The Federal Reserve on Friday published proposed principles to manage climate-related risk for financial institutions with more than $100 billion in assets managed. The principles are similar to the principles proposed by the Office of the Comptroller of the Currency in December 2021 and the Federal Deposit Insurance Corporation in March.
The proposed guidelines aim to address physical and transitional climate risk. Physical risk refers to natural phenomena that would increase in frequency and/or intensity as a result of climate change, such as drought and storms, that could present physical risk to assets held by large financial institutions. Transitional risk refers to the financial risk of holding certain assets, given the ongoing transition away from fossil fuels.

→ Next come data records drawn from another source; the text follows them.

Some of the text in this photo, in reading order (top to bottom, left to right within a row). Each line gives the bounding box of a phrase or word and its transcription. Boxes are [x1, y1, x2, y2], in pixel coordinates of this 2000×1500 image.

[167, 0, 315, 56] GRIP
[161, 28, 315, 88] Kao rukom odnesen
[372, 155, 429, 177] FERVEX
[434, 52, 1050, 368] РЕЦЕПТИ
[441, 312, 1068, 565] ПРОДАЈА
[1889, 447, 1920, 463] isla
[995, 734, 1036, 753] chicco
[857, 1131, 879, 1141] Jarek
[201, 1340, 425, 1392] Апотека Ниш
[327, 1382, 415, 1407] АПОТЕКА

The proposal defines the institutions to which it would apply as including state member banks, bank holding companies, savings and loan holding companies, foreign banking organizations with respect to their U.S. operations and non-bank systemically important financial institutions supervised by the Federal Reserve Board.

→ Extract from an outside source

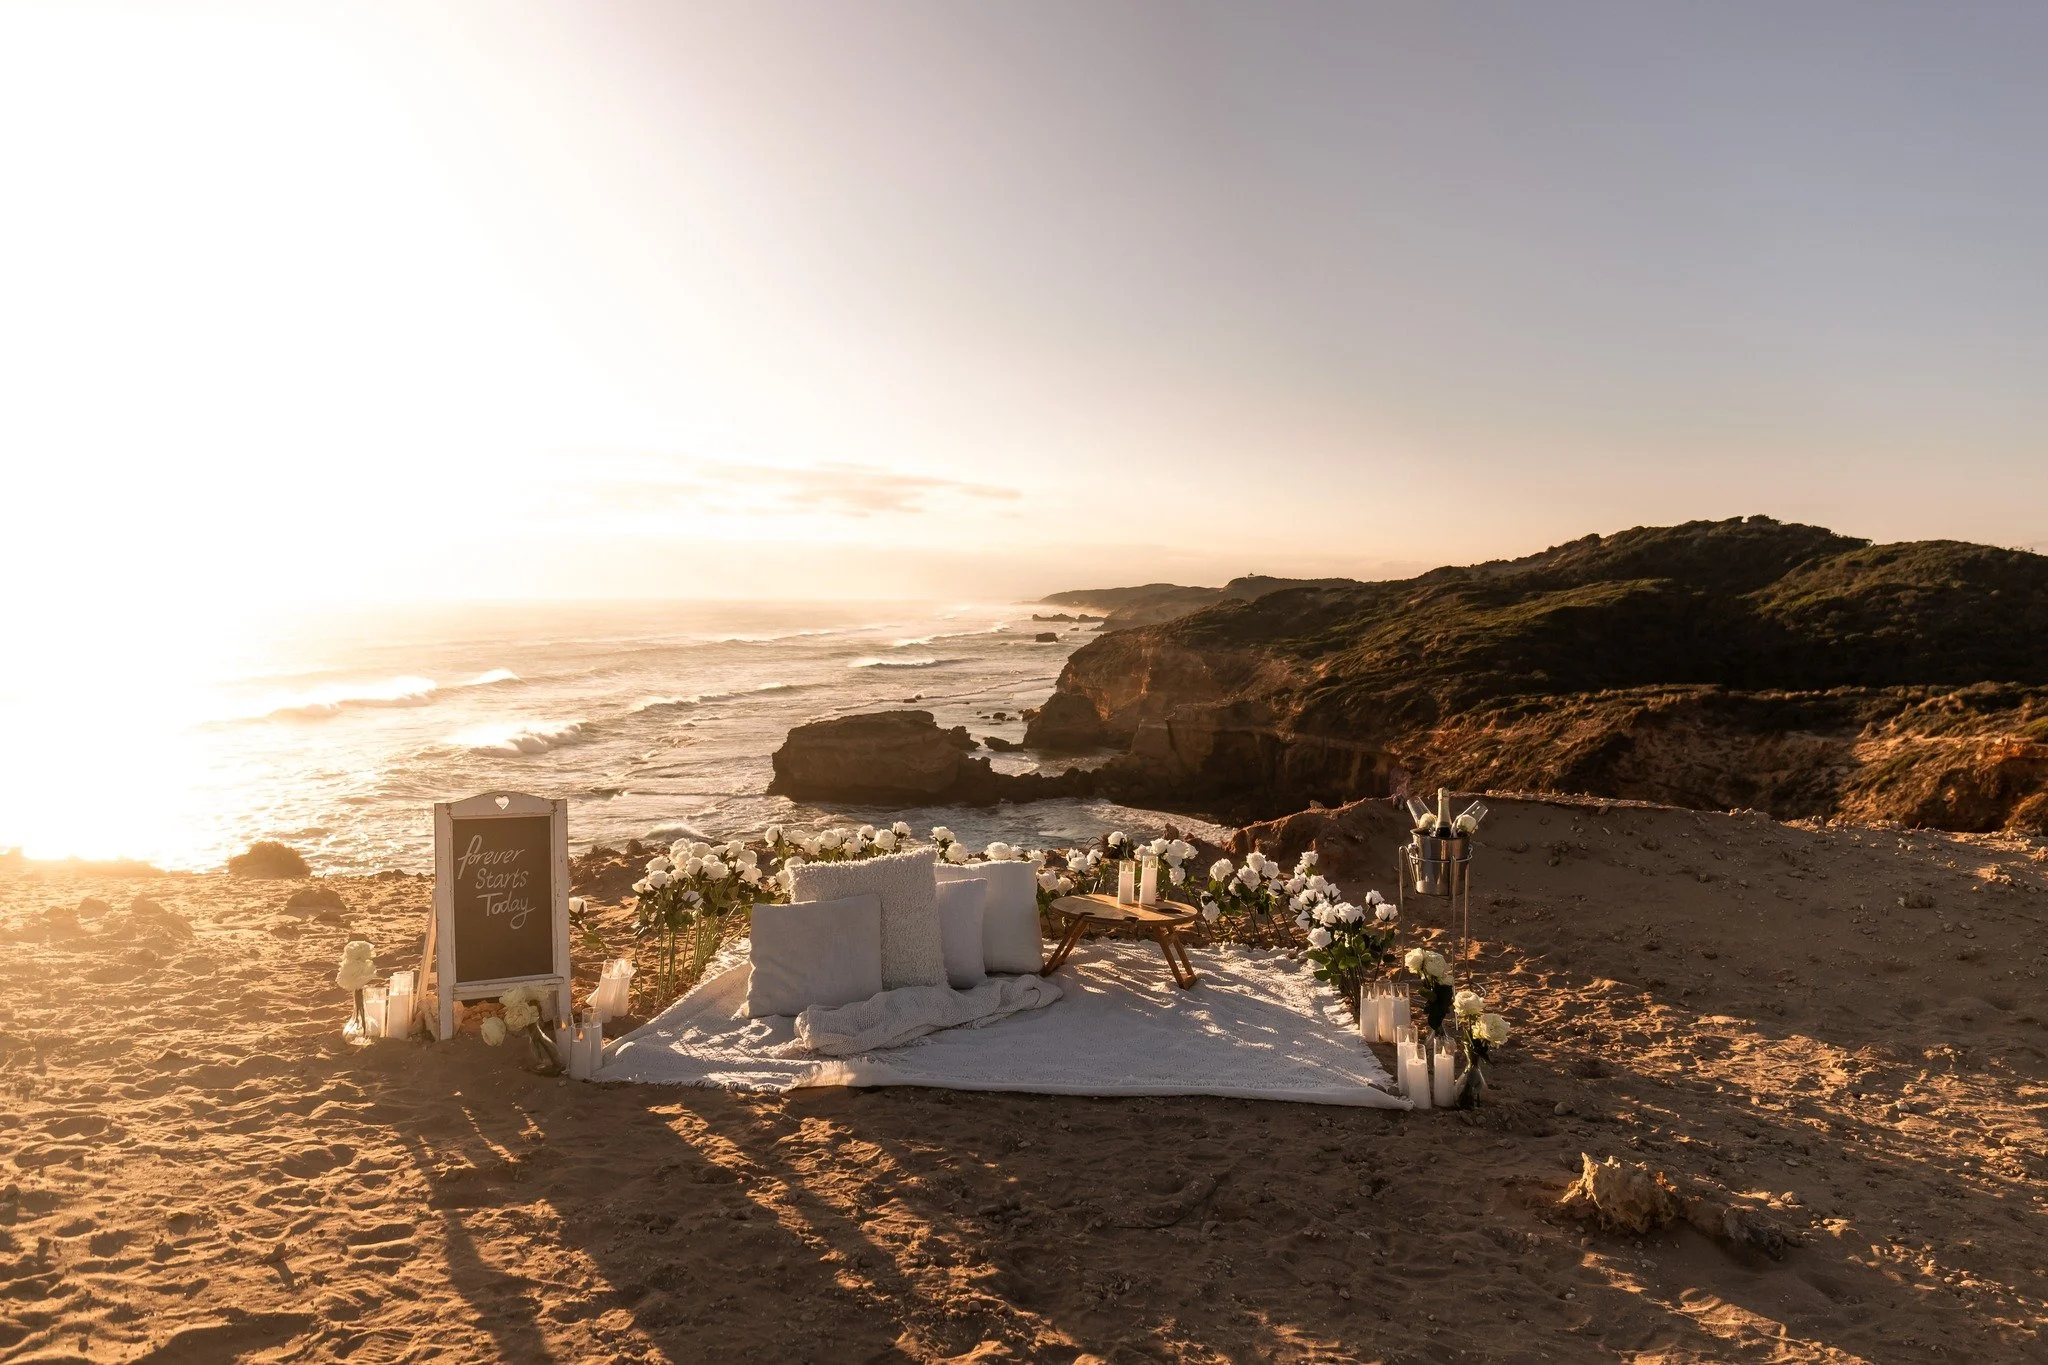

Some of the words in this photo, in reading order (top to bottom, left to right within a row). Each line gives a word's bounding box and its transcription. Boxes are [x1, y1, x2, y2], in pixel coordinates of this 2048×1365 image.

[457, 834, 525, 879] forever
[475, 867, 530, 890] Starts
[476, 891, 537, 930] Today

The principles advise that these institutions make governance changes so that board members are aware of climate risk and require management to consistently report on that risk. They also advise incorporating climate risk assessment into formal policies and procedures, making climate risk part of overall business strategy and obtaining access to relevant data.
This proposal follows a series of executive agency proposals related to climate risk. Not only have the OCC and FDIC published similar proposals, but the SEC also proposed a rule that would require climate-related disclosure from public companies, including the companies’ direct greenhouse gas emissions and the emissions in their value chain. The SEC proposal was issued in March.
Congressional Republicans have pushed back against the SEC proposal in the form of legislation. On Friday, Republican members of the House introduced the Mandatory Materiality Requirement Act, which aims to prevent the SEC from requiring climate-related risk disclosure. A companion bill of the same name was introduced by Senate Republicans in September.